**WHAT YOU SHOULD DO:** Reproduce the records below exactly, leaving out any pictures.
○ ○ ○
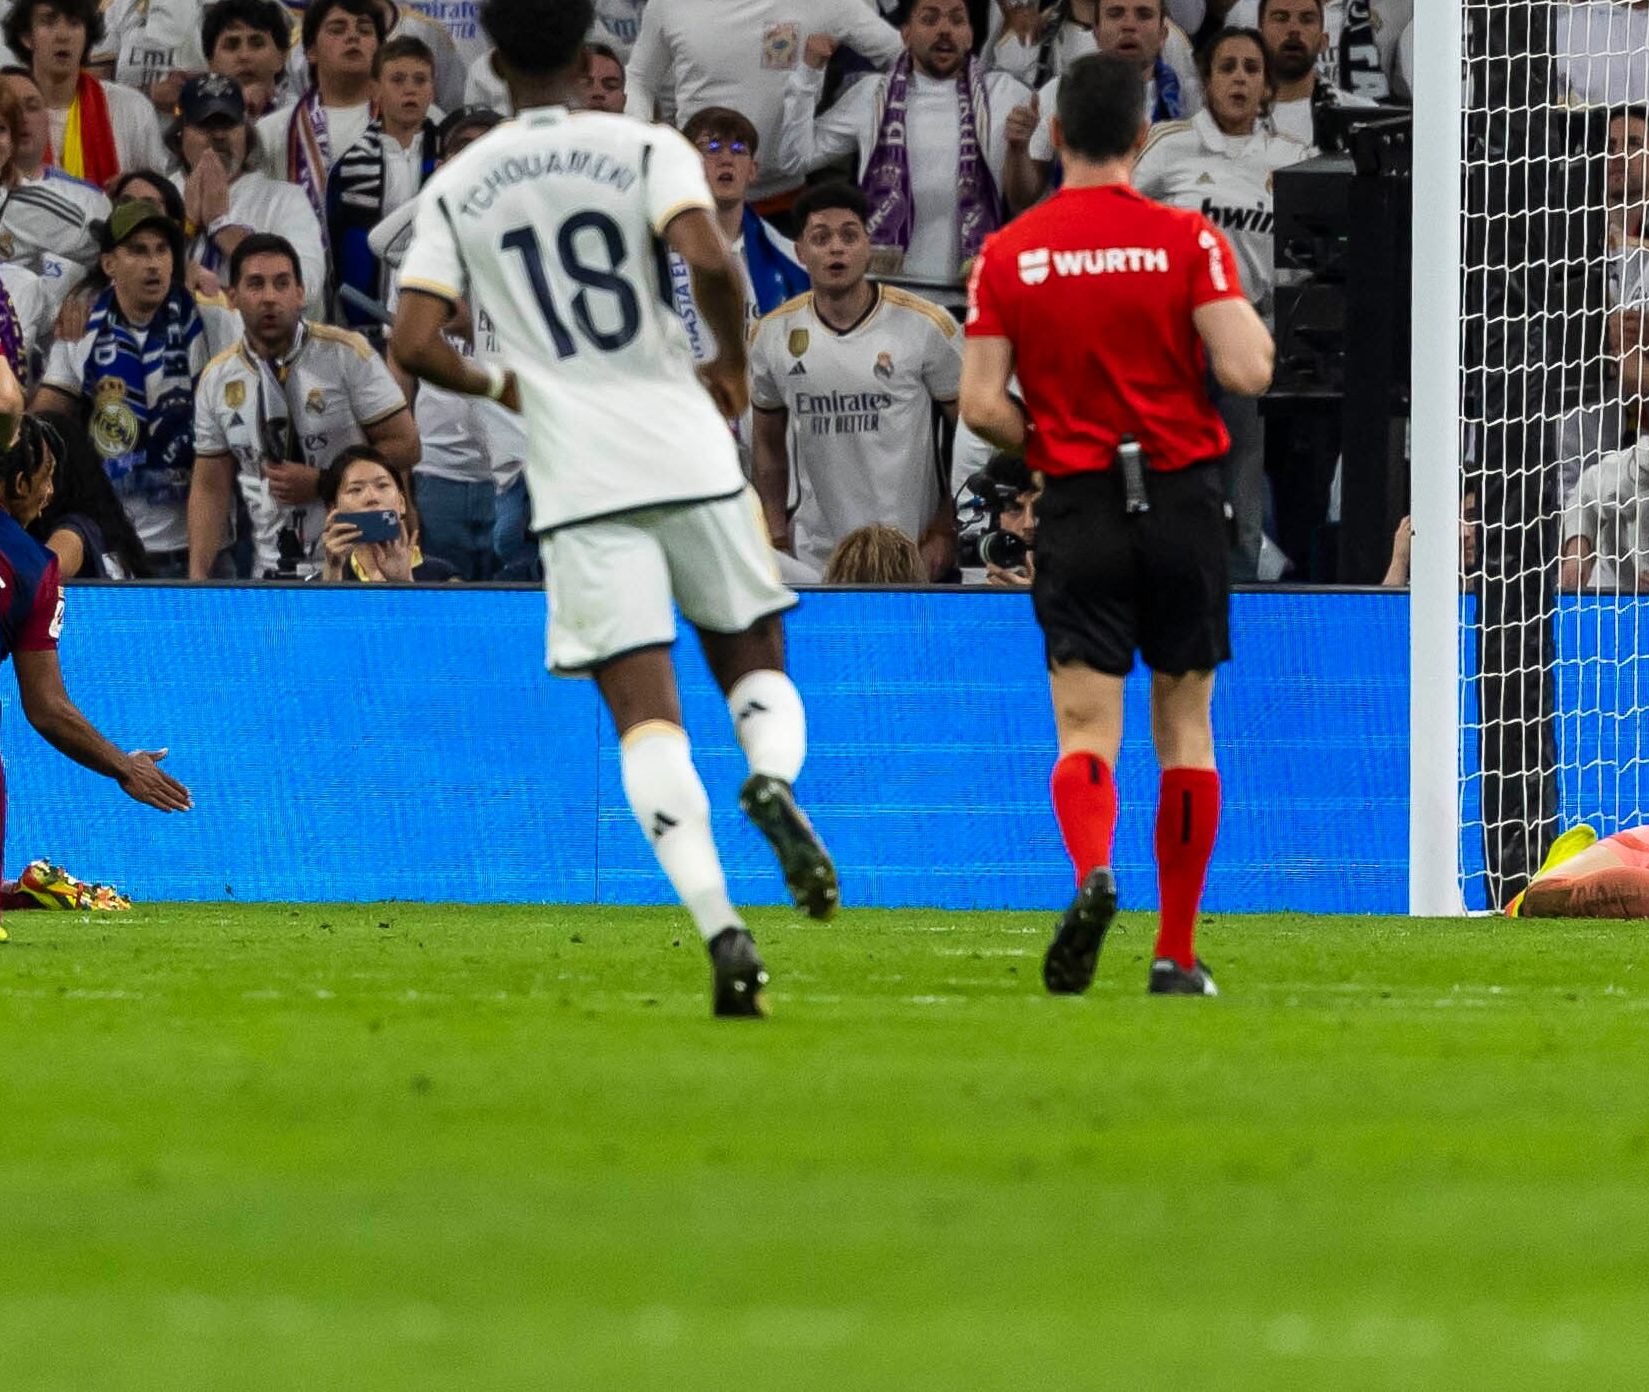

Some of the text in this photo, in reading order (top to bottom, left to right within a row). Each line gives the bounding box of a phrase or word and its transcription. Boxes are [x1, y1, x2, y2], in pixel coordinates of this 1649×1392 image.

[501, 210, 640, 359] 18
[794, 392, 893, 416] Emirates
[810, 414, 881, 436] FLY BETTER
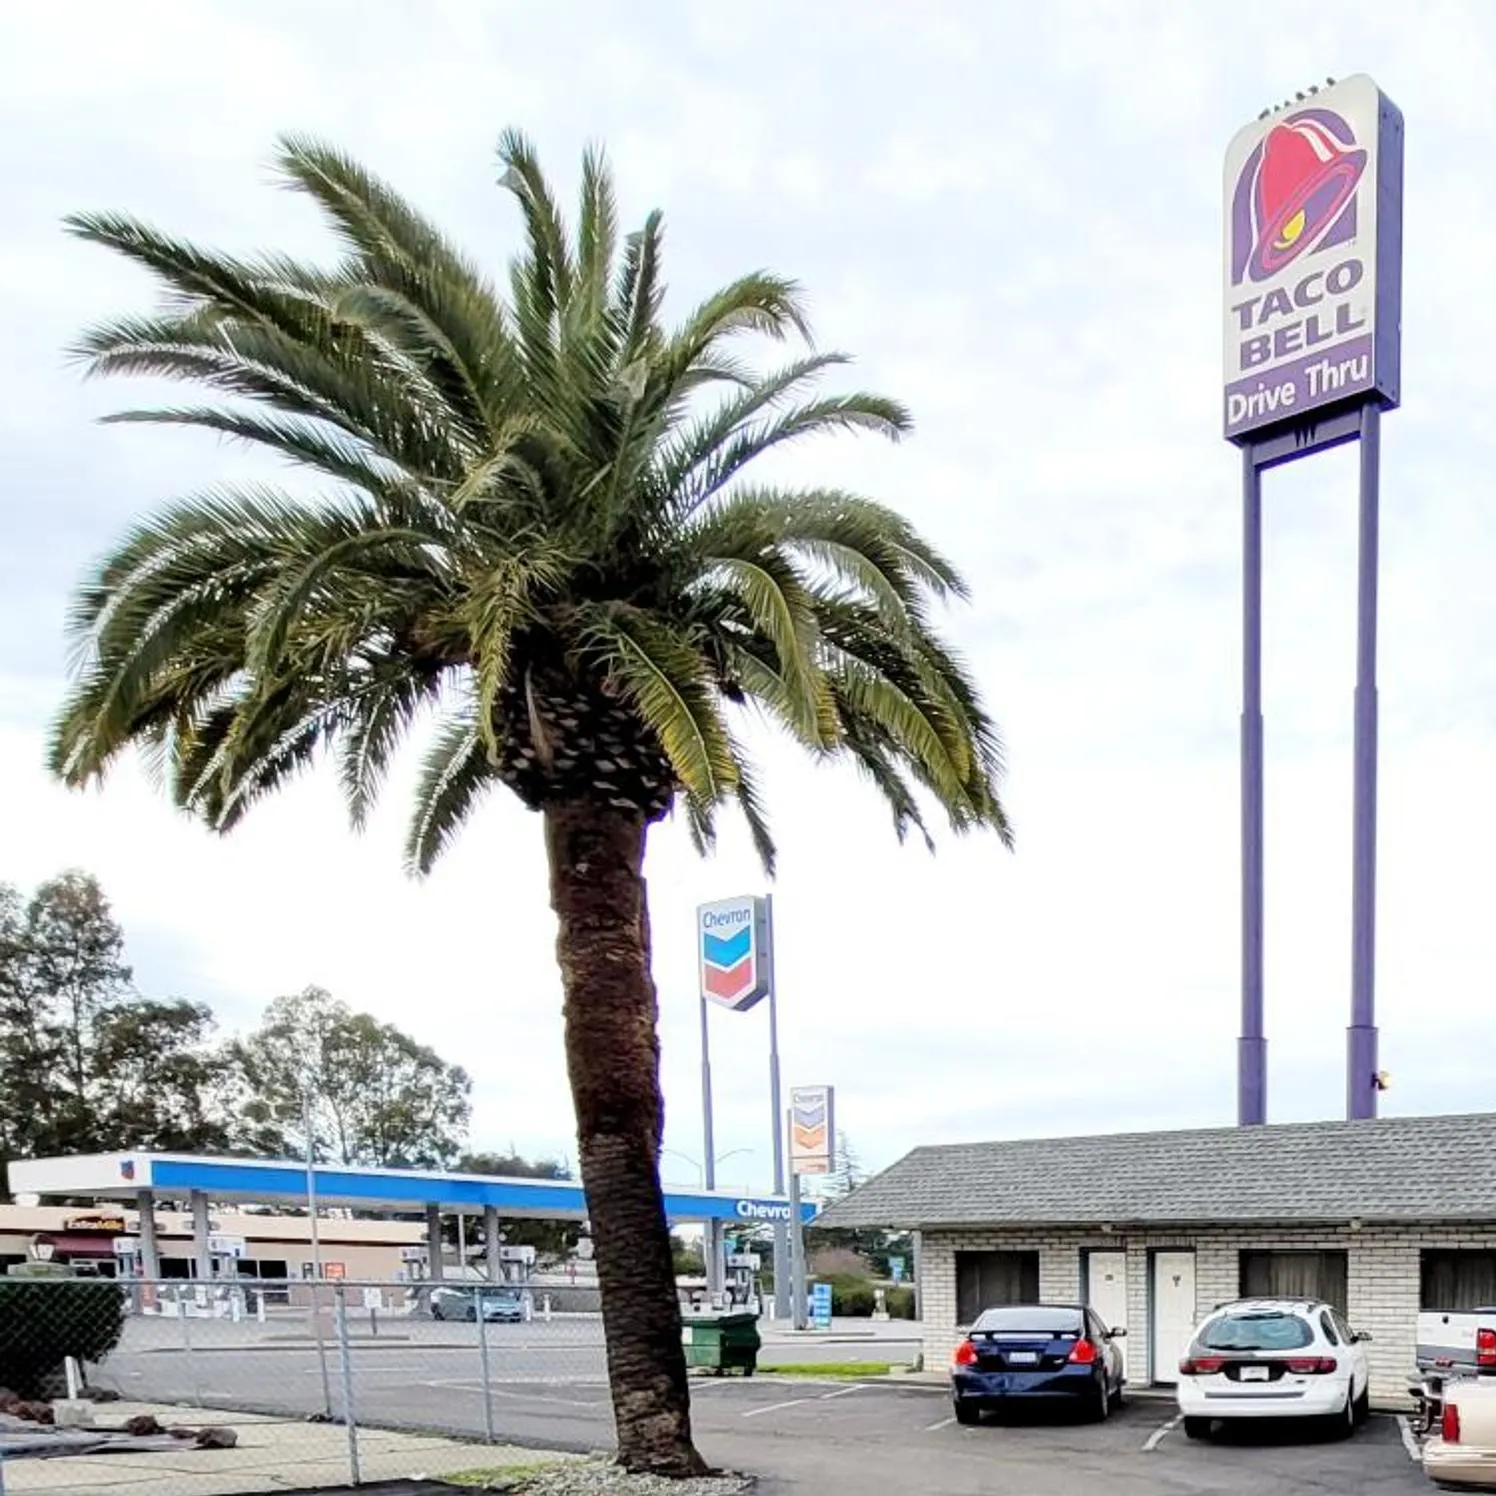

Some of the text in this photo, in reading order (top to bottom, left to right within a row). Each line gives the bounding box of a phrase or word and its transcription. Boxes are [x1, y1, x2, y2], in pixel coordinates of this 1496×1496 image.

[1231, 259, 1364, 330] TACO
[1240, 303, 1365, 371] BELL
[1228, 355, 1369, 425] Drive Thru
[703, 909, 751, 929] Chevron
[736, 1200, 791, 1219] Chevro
○ ○ ○
**RESPONSE BELOW:**
Some of the text in this photo, in reading order (top to bottom, left to right within a row). Each line gives the bounding box of a phrase or word and its transcription. Boxes are [x1, y1, x2, y2], in pixel coordinates of this 1649×1392 image.

[501, 210, 640, 359] 18
[794, 392, 893, 416] Emirates
[810, 414, 881, 436] FLY BETTER

Some of the text in this photo, in reading order (top to bottom, left to right within a row). Each line gives the bounding box of a phrase or word and its transcription. Boxes are [x1, y1, x2, y2], in pixel coordinates of this 1496×1496 image.

[1231, 259, 1364, 330] TACO
[1240, 303, 1365, 371] BELL
[1228, 355, 1369, 425] Drive Thru
[703, 909, 751, 929] Chevron
[736, 1200, 791, 1219] Chevro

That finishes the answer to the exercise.